──────── Available data

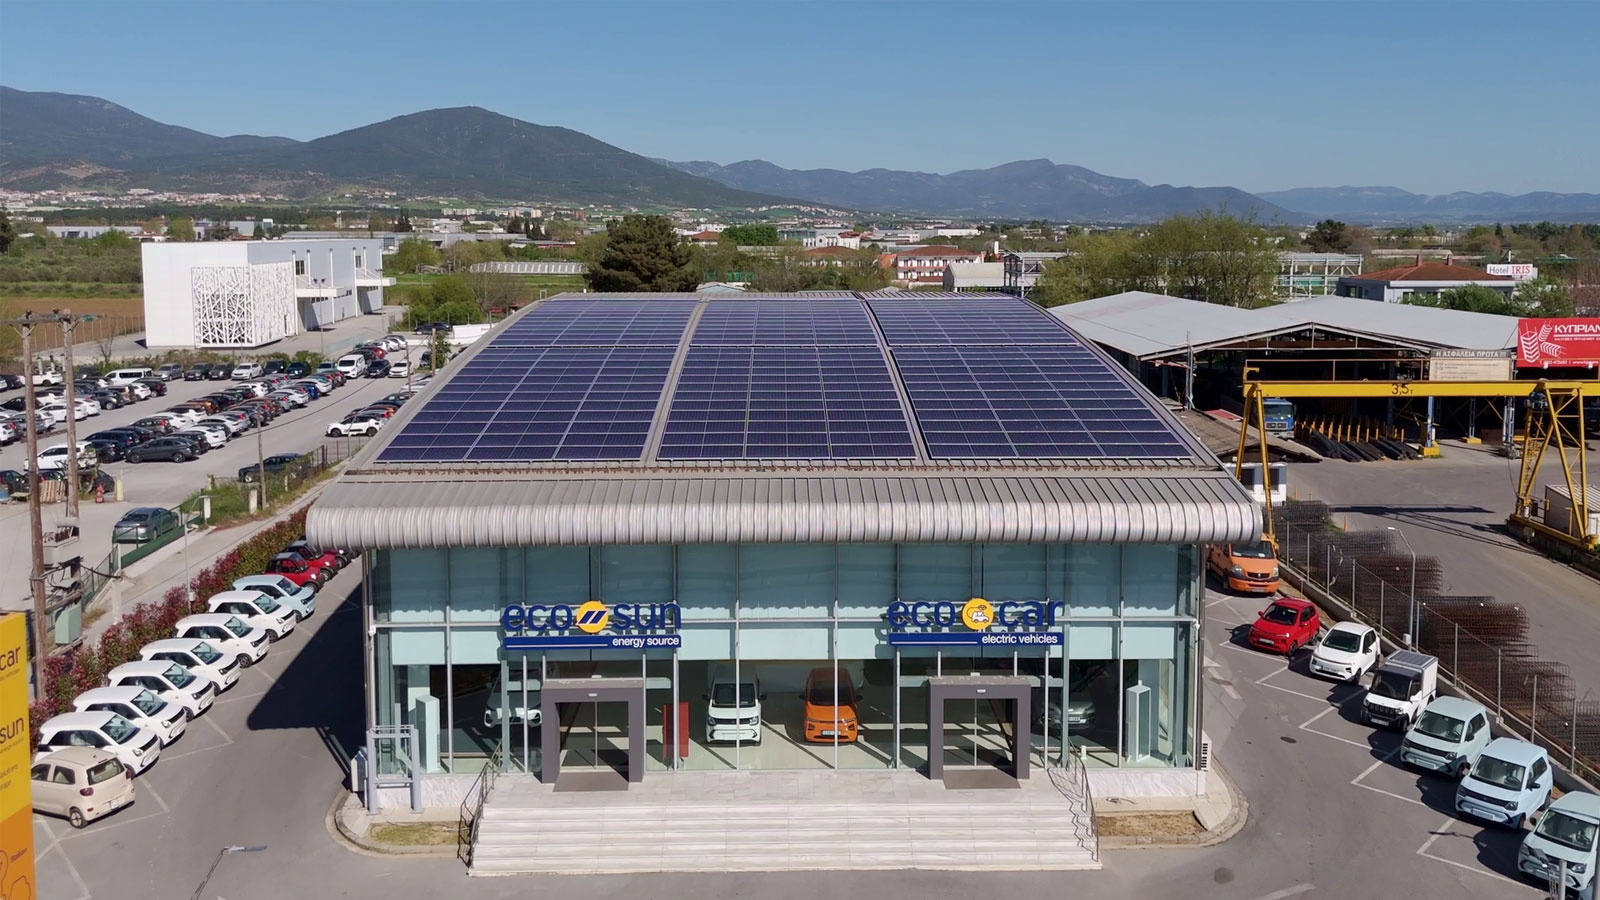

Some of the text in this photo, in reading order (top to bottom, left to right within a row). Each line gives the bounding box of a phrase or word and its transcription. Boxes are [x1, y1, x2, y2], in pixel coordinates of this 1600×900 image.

[1490, 265, 1531, 274] Hotel IRIS
[503, 602, 682, 631] eco sun
[887, 600, 1065, 628] eco car
[612, 637, 680, 648] energy source
[982, 634, 1058, 644] electric vehicles
[0, 646, 21, 671] car
[0, 717, 24, 744] sun
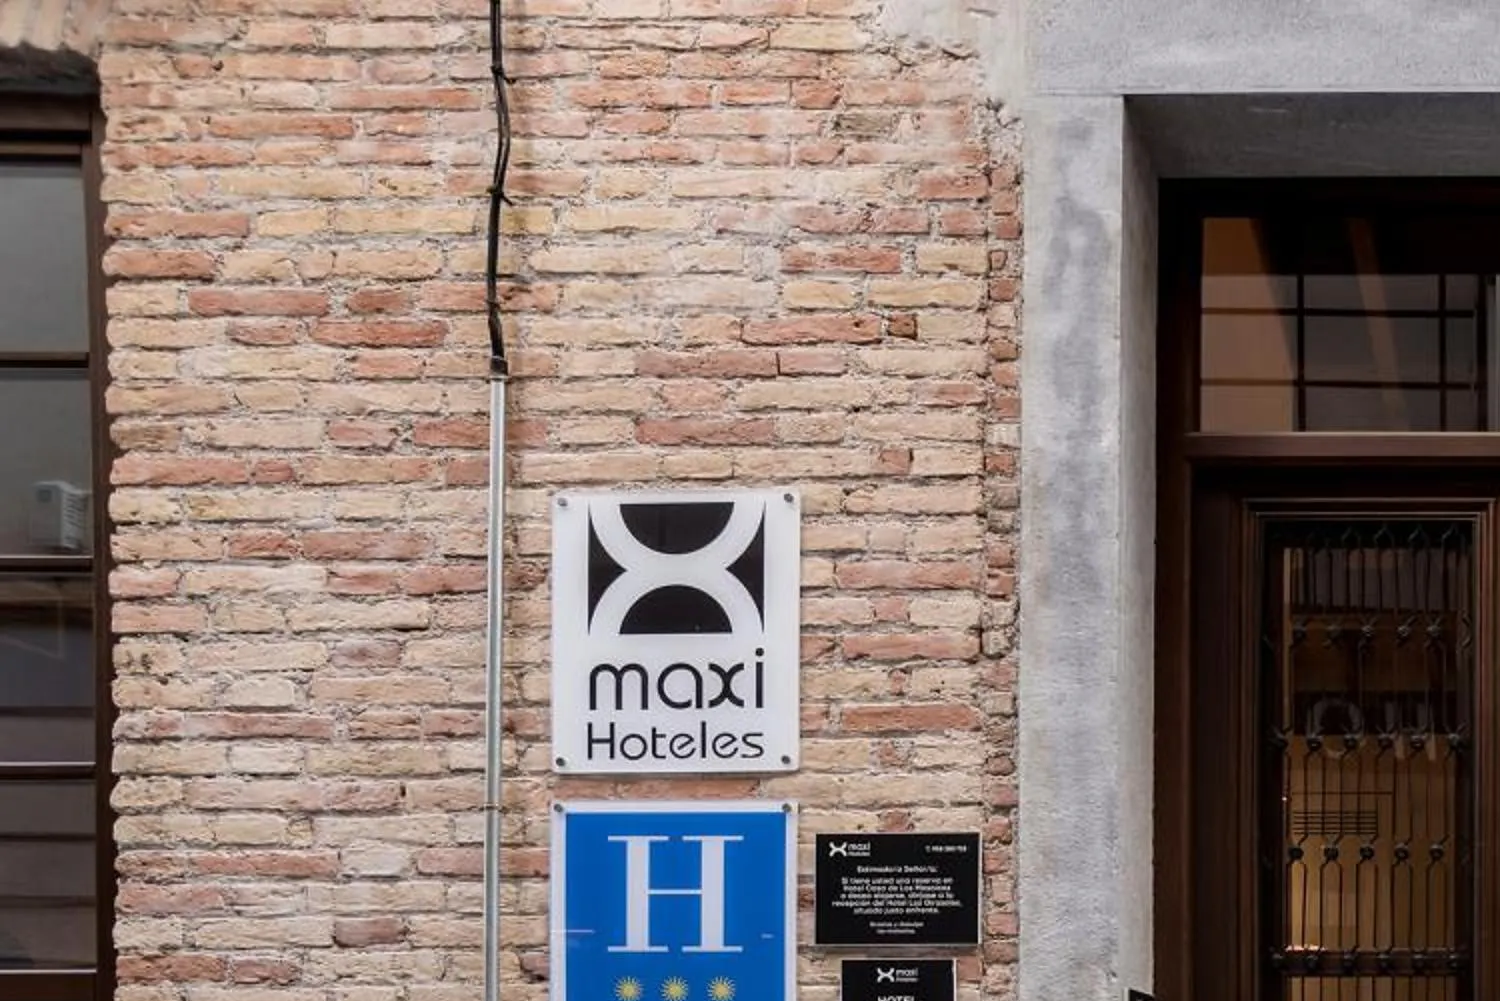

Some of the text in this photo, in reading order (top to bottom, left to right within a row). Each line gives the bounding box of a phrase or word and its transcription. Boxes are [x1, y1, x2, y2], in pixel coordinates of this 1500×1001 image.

[589, 647, 764, 710] maxi
[587, 721, 764, 760] Hoteles
[607, 835, 744, 953] H
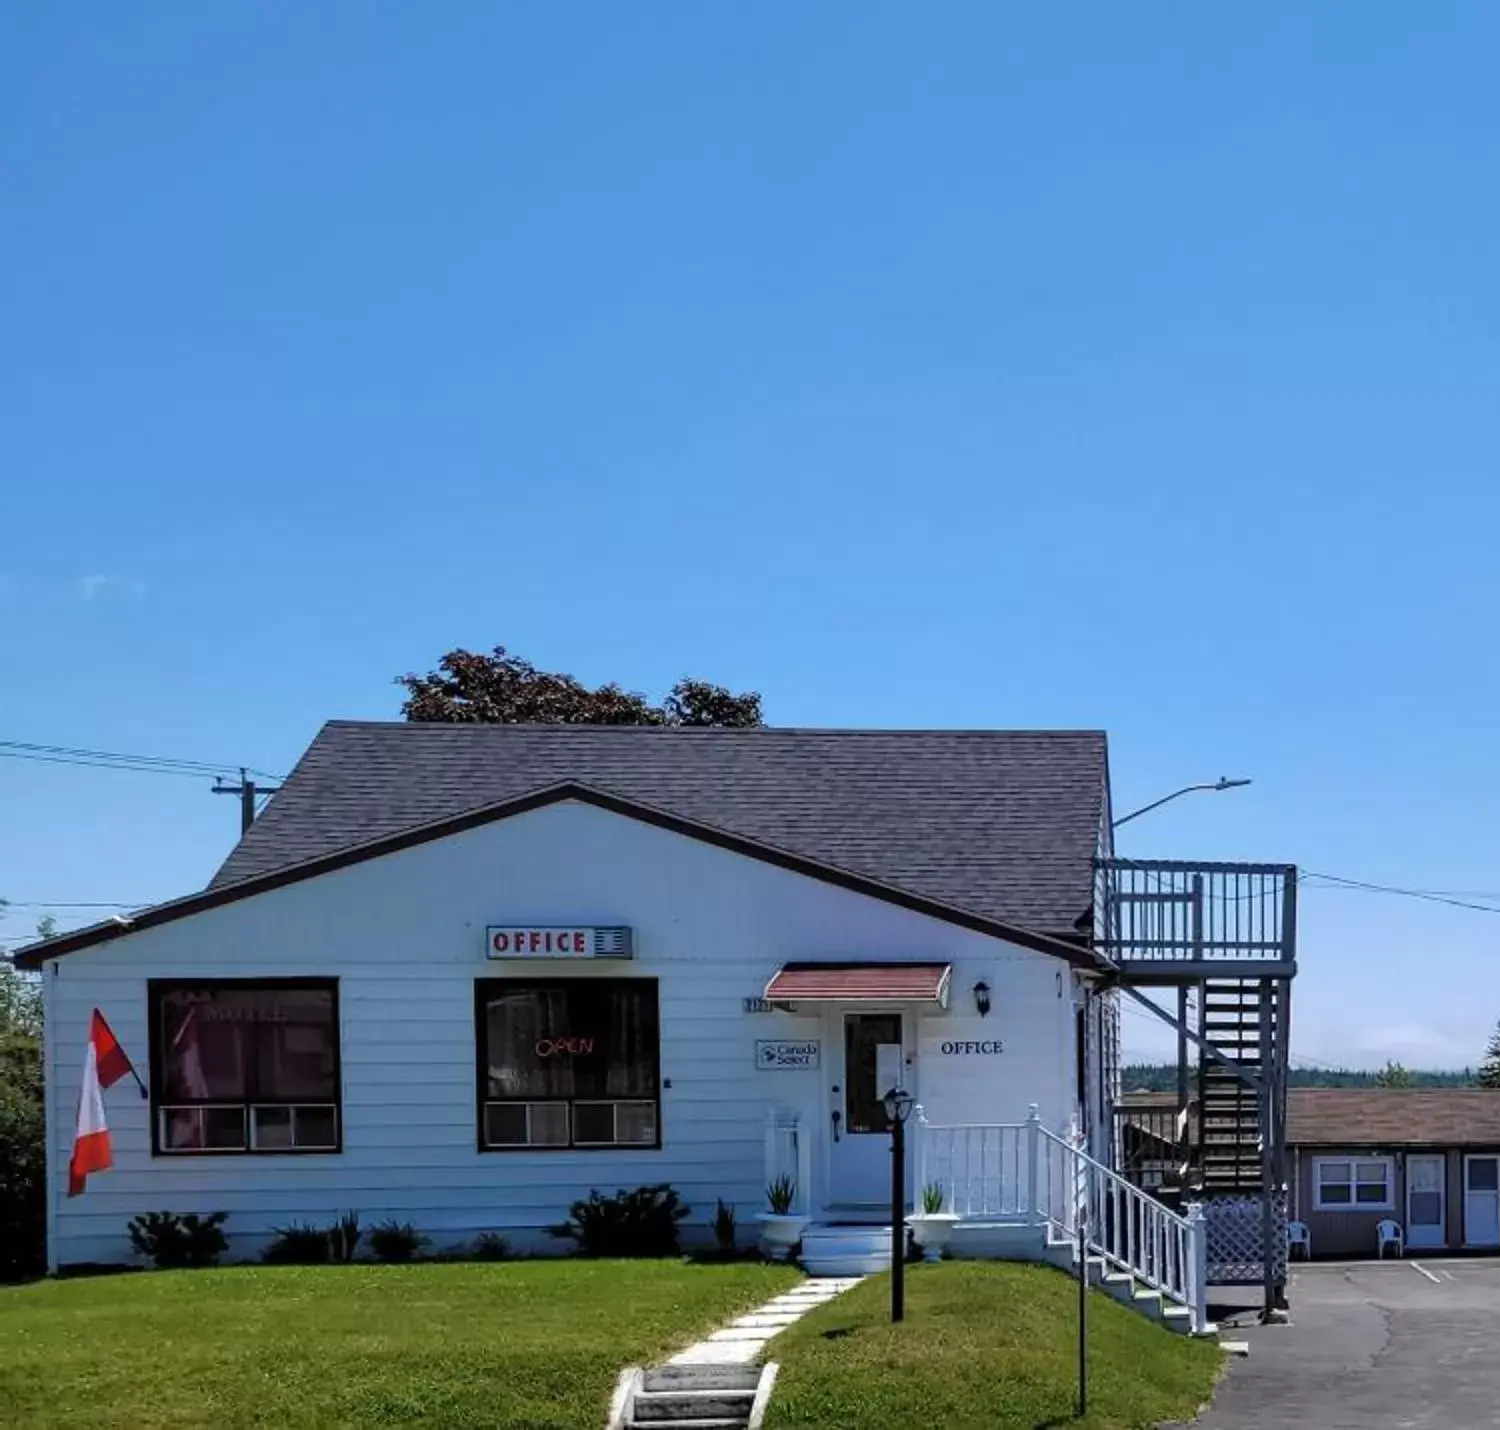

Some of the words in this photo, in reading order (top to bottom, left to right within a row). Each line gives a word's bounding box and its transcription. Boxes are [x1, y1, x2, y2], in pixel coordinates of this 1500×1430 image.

────────────────

■ Assignment:
An exact reproduction of the lines from the line containing "this 1500×1001 image." through the end of the listing above is needed; pictures stay out.

■ Response:
Some of the text in this photo, in reading order (top to bottom, left to right within a row). Each line gives the bounding box of a phrase or word and its transcription. Boxes are [x1, y1, x2, y2], in pixel coordinates of this 1500×1001 image.

[589, 647, 764, 710] maxi
[587, 721, 764, 760] Hoteles
[607, 835, 744, 953] H

Some of the words in this photo, in reading order (top to bottom, left to right within a row). Each line gives a word's bounding box and its transcription. Boxes are [x1, y1, x2, y2], in pixel coordinates of this 1500×1430 image.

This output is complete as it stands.